Fractured: Tales of the Canadian Post-Apocalypse(13)



“I’ll leave you the keys. Do you need anything else?”

“Luck. According to specs, the reactor needed 50 tonnes of enriched uranium to work as designed. We only have five.”

“But you told me there was probably still some fuel left.”

“We’ll soon find out if I was right.”

Darrick mastered the urge to strangle him on the spot. He didn’t feel like joking.

Uranium’s radioactivity did not last forever. After more than a century, it would have gone down by a lot… And that wasn’t all. In an operating reactor, the fuel was replaced gradually, as it became poisoned with reaction products. Darrick had brought new fuel bundles to replace some of the old ones – if Carolin managed to identify the ones most in need of replacement.

“If there’s nothing else, we’re screwed.”

“Then again, maybe I’ll just be able to restart the reactor with a tenth of the required supply. With a huge helping of luck.”

“We will have all the luck we need,” Darrick spat. “Because it’s our turn to have some.”

Darrick toured the basilica, the mere tip of a gigantic underground edifice. Beneath the nave’s floor, turbines and generators slept. The huge cylindrical dome combined the roles of a cooling tower and a containment enclosure for the reactor core below the altar. For his men, the basilica would be harder to defend than for the governor’s guards. Besides the main entrance, several doors led to the main compound. Darrick assigned two men to watch each way in. The rest would guard the main doors. He wondered again if he should have recruited a few more sympathizers, but a small army tramping across the island would have been too conspicuous.

The hours went by uneventfully, as if the basilica had been utterly forgotten by the governor’s men. Carolin and his team burrowed into the building’s depths.

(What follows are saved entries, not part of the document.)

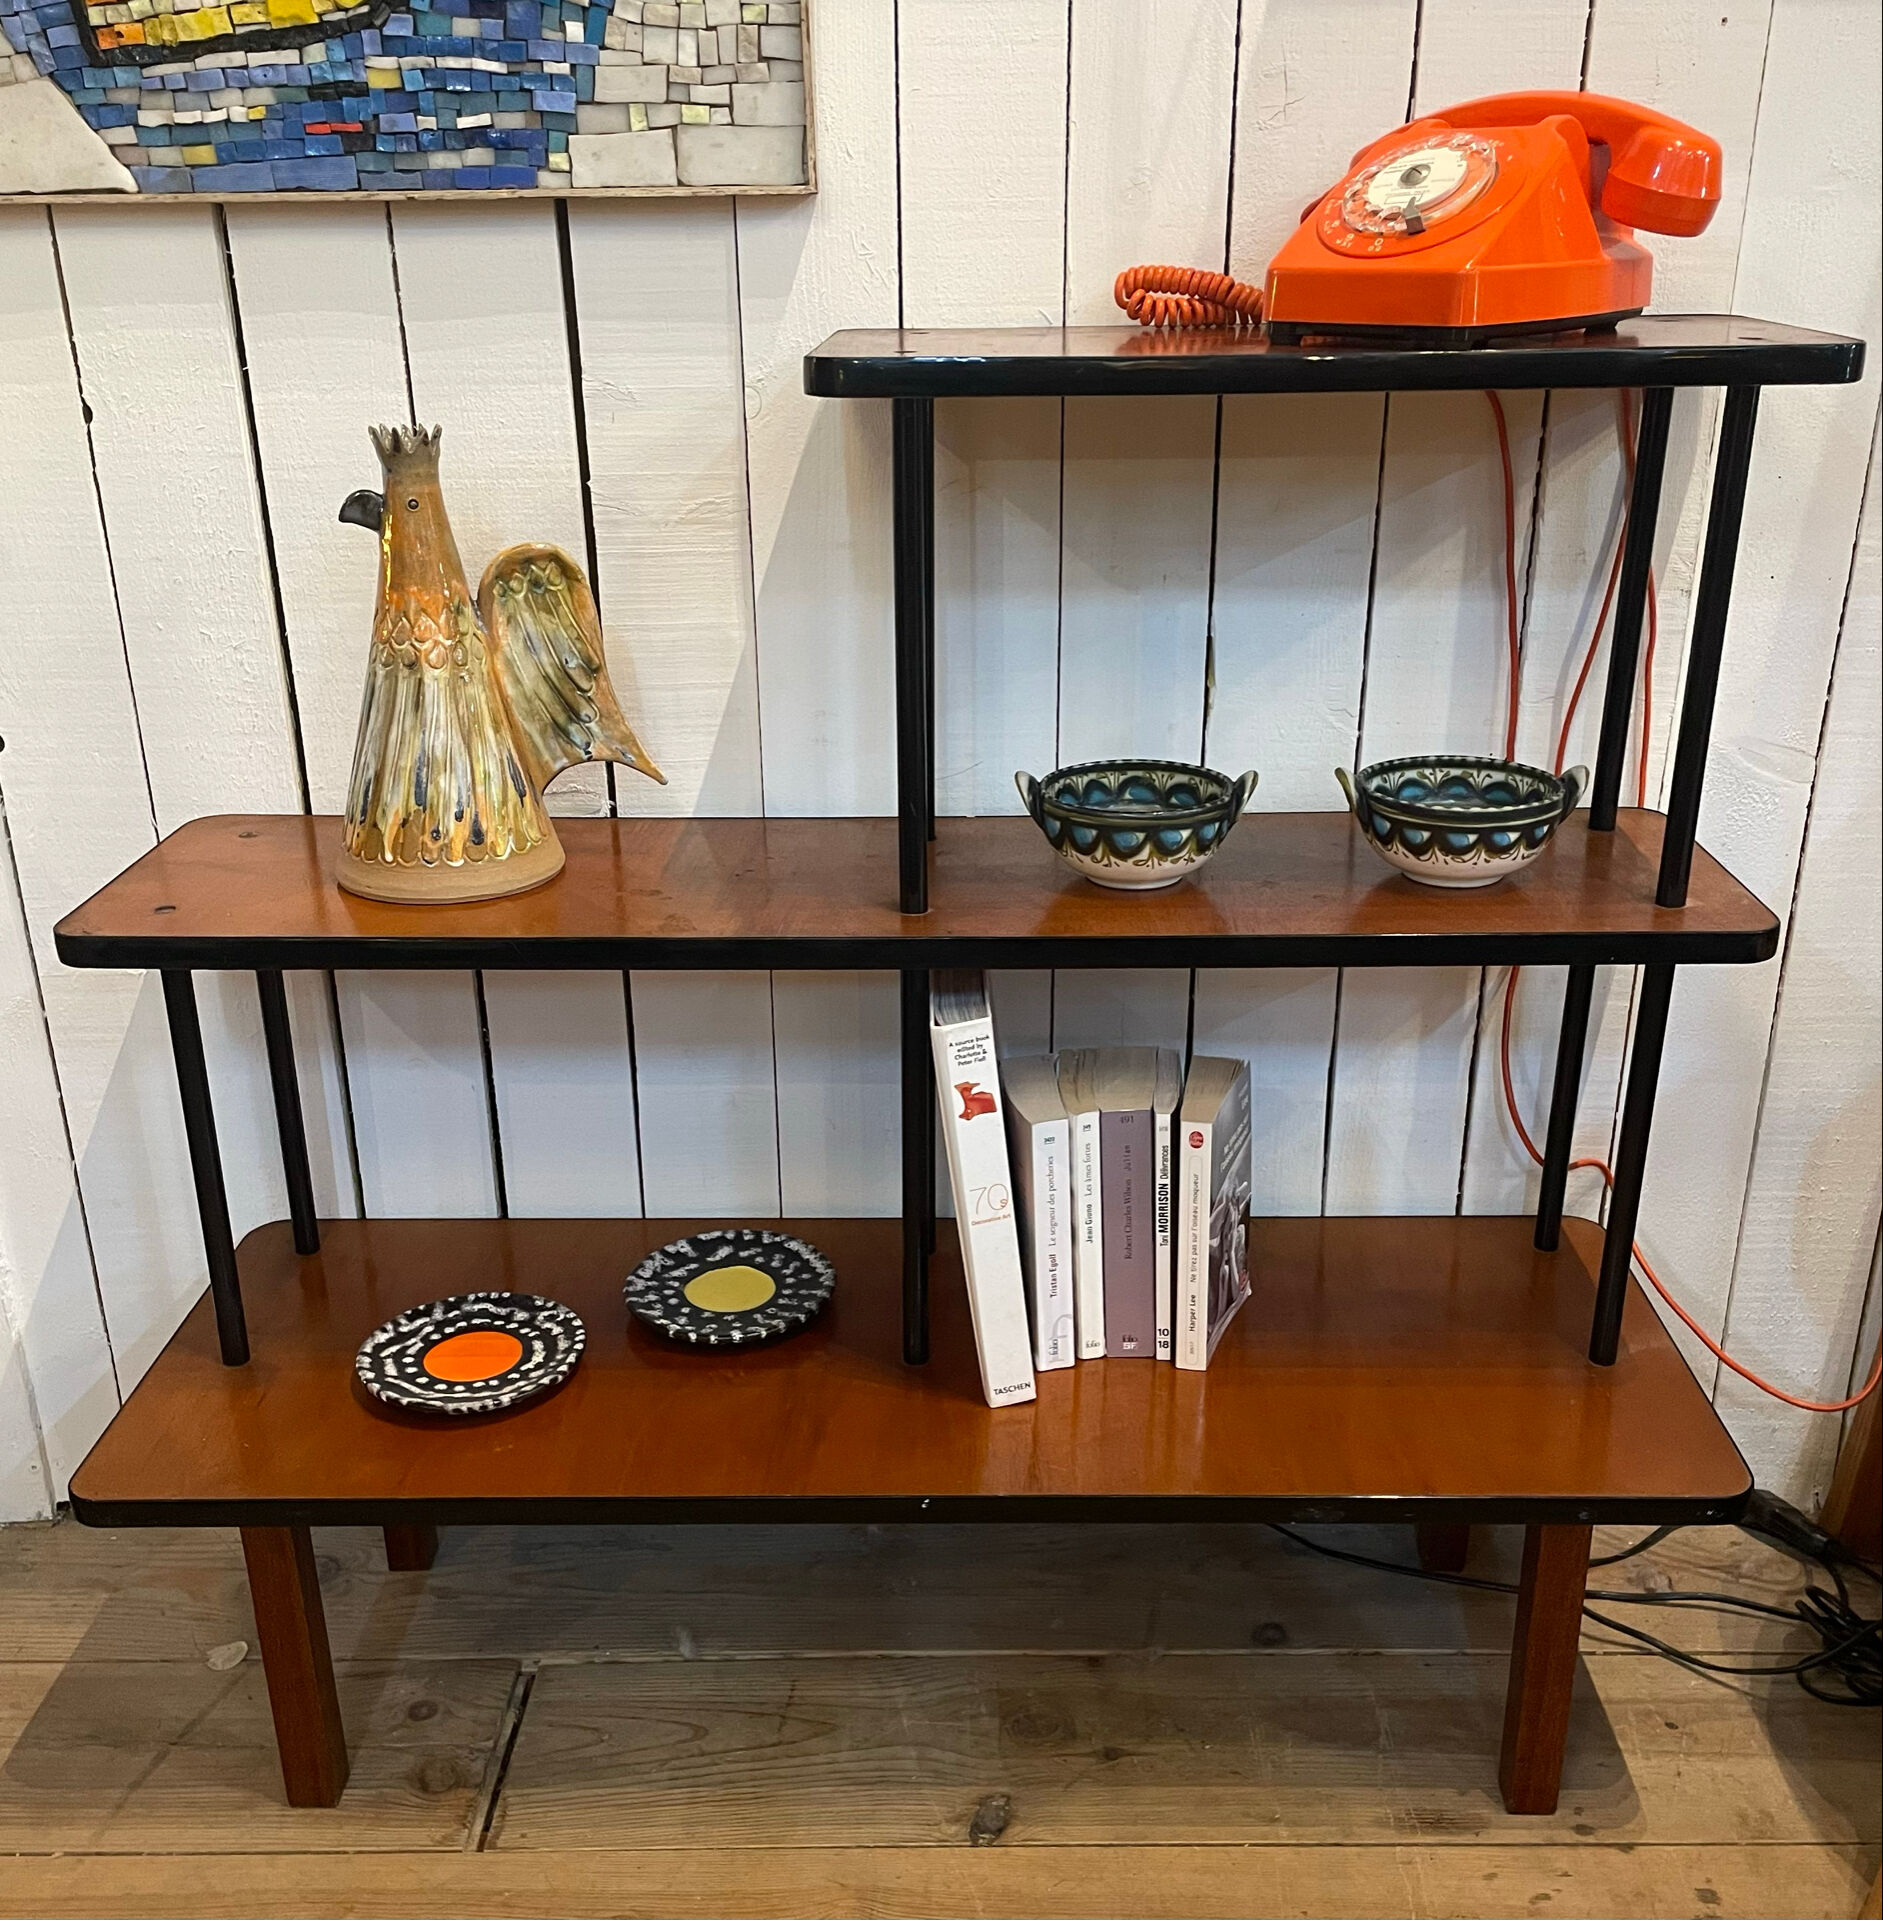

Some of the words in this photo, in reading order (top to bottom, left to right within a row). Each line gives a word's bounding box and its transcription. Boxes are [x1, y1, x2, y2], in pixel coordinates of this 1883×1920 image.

[976, 1034, 989, 1042] book
[957, 1044, 975, 1052] edited
[954, 1051, 981, 1060] Charlotte
[1083, 1143, 1092, 1163] fortes
[1046, 1156, 1056, 1192] porcheries
[1123, 1179, 1132, 1204] Wilson
[1192, 1173, 1200, 1204] moqueur
[1047, 1194, 1056, 1205] des
[1158, 1183, 1169, 1233] MORRISON
[1048, 1207, 1058, 1236] seigneur
[1123, 1205, 1132, 1233] Charles
[1048, 1237, 1056, 1247] Le
[1124, 1235, 1132, 1259] Robert
[1160, 1235, 1168, 1247] Toni
[1191, 1244, 1199, 1256] pas
[1190, 1257, 1198, 1272] tirez
[1190, 1273, 1197, 1283] Ne
[1050, 1274, 1058, 1298] Tristan
[1189, 1309, 1197, 1331] Harper
[1158, 1328, 1169, 1336] 10
[1122, 1342, 1138, 1350] SF
[993, 1381, 1031, 1395] TASCHEN

Darrick only went down once below the altar. The pumps and conduits were clean enough to keep him hoping. In spite of its age, the plant might still be operational.

“Well?” Darrick asked.

“It’s been used before,” Carolin said, stopping to catch his breath. He was covered in sweat. Every person there had lent a hand to move the fuel rods. Hard work, even with the hoists uncovered below the dome’s floor.

“Recently?”

“No, not in a dozen years, at a guess, but everything is set up for a quick start. Part of the fuel is unusable, so we’ll replace it.”

“What about water?”

“There’s a line to the rainwater tanks inside the compound. That’s enough to last most of a day. After that, who knows?”

Finally, Darrick climbed to the plant’s control room, letting Carolin know he could find him there. The room ran all the way around the top of the cooling tower, just below the lip of the cupola capping the massive concrete tube. It felt more like a hallway, but the monitors embedded into the inner wall were paper-thin and the wheeled stools were easily stowed out of the way.

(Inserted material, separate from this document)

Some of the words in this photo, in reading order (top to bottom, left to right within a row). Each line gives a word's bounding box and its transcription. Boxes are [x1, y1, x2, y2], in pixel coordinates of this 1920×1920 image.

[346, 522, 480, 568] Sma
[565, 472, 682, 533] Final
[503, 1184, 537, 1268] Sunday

Actual windows had been cut into the outer wall, offering an unsurpassed view of the island and its surroundings. They revealed an expanse of countryside that might have been the main justification for establishing the control room in such an exposed position. It was the island’s tallest watchtower.

Alone in the narrow gallery, Darrick completed several circuits, reading the instructions posted beside each workstation. He kept an eye on the windows, trying to spot attackers. However, while the other end of the compound was crawling with men and women at work, tiny ants picking their way through the demolished palace wing, the basilica’s vicinity was still quiet.

Darrick took out a spyglass to inspect the sea near Port-Sillery. Not a trace of the man called Ségole Portelance – the name still managed to make him smile. Too bad. The fishing would have been great.

Things only started happening by the early afternoon. Off Sillery, a whole flotilla made up of canoes and boats from all points of the compass – not just a single fishing dory – appeared.

The ironbearer’s spyglass did not let him make out the features of the men aboard the small craft, but he assumed they were the tribals. Newfs and Hicanos who’d sworn fealty to Ségole – whose real name was Fraser – to attempt an unprecedented raid. They were going to land on the island of Quebec and make off with anything that wasn’t nailed down. At the same time, a small armed company showed up in front of the basilica.

Darrick swore. The way he’d planned it, the tribal raid would have been his second diversion, forcing his father to split up his men and delay a full-out assault of the dome. However, the tribals had come too late. They hadn’t even landed yet and it might take several minutes for the good people of Port-Sillery to realize they were under attack. Several more minutes would pass before the commander in front of the dome was alerted, during which time the defenders of the basilica’s main entrance would be desperately outmatched.

Darrick was on the verge of heading down when a loud ringing shattered the tomb-like silence of the control room. He guessed it was a phone, found the handset, and answered.

“Carolin here. We’ve gotten the reactor going and the generators are spinning. It’s about a third of nominal, but we’re producing power.”

“I didn’t hear anything.”

“The dome walls are massive. But don’t try to come back through the choir. We’ve closed all the doors and flooded the entire ground floor. The pressurized water tubes are deployed and they will dump part of their heat into the pool. Very soon, it’s going to be a death zone, but everybody on the island will know we have a working nuclear reactor here.”